The subtitle of this blog is "Meditations on the rich fabric of life", and the past weeks, with their heavy darkness, rainy days, solitary windows gleaming through the gloom and long nights spent turning under the covers for reasons which seem irritatingly out of mind's reach, certainly make up a very convenient season for as much meditating as you like.

However, this is not the first November in Finland, and it certainly will not be the last. No matter how unnatural it may seem, darkness and rain (and wind and cold) probably are not all that meaningless as we would like to think. As we struggle to keep up with our tasks, rush halfway across town cursing the public transport all the way, and plunge from deadline to concert to assignment to lessons to further deadlines, it is good to remember that this is meant to be a time for self-reflection. So it's dark outside and I don't feel like doing anything: then why do anything except take a moment, lie down and just let the thoughts come. After all, another year of hard work is coming to an end. Surely everyone can afford some moments of peace.

For me, 2007 seems like a year of many milestones. It's easy to say this after every year, but this time I really think there is no comparison to the past twelve months, during which I lived in two different cities, met a huge amount of people who became very important figures for me in very different ways, and confronted turns of events which affected our family.

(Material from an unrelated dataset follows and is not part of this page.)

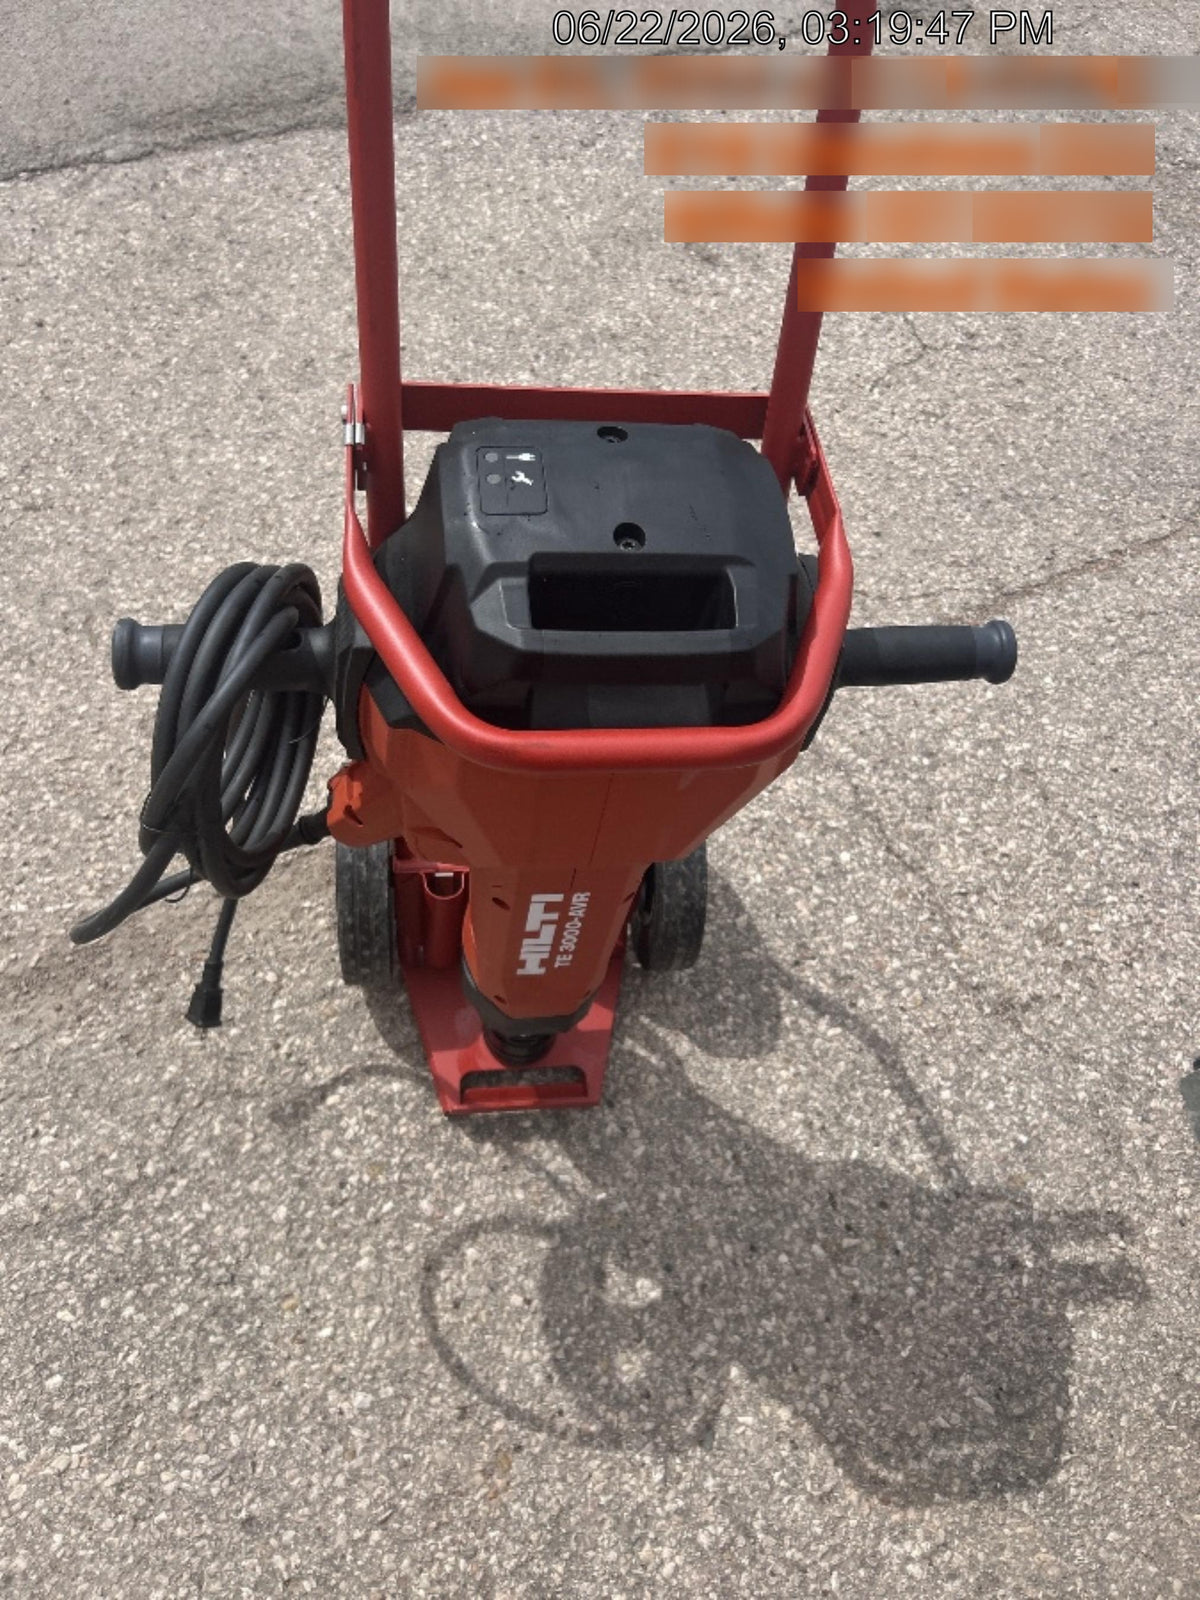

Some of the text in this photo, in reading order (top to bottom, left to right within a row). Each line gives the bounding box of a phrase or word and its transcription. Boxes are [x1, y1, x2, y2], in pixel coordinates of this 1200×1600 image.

Only since coming back to Finland in the summer, it feels like things have been picking up pace at a great speed. I moved in with a friend to a new part of town. I finally founded my own choir, and our first performance is in a month. I went to my cousin's wedding in Germany. I also attended my grandfather's memorial concert in Damascus, less than a month ago. I found that the oldest of friends can still feel like the newest of friends, and that there are few things more valuable than friendship. I also found out that you can call many places home. It can be the place you think about when you listen to "Unta da Lindn" with the lights turned off and tears in your eyes. But usually you know the real one when you touch down at the airport, with the midnight sun about to set, and underneath you: the glimmering Baltic Sea, the house you grew up in, and the people you played with when you were a child.

In this endless darkness, it is the small things which become flashes of light to make the day feel easier. Sometimes, the smallest of joys is enough to set in motion a train of thoughts which can make all the difference between a smiling face and an empty face. This is what I thought just a while ago when I was chatting with Petra online and she complained about her laptop which I remember using on her blue sofa at our home on Merangasse, where I will be in exactly a week. Or when I got an SMS from a friend who was on her way from Italy to Lithuania by bus, with six pieces of luggage, telling me how fantastic Schütz's music is. But actually, the joys are all not all that far. They are where you are: on the way home from the metro station, at the rehearsals, in your room and at the grocery store. It doesn't take that many people to make you happy. Sometimes it can be just you.

Soon the days will start getting longer again. As summer approaches, happy things, laughter, friends and family will start feeling like things to be taken for granted, things which are always there. There is no better time than this to appreciate this quite nice and agreeable life we are living.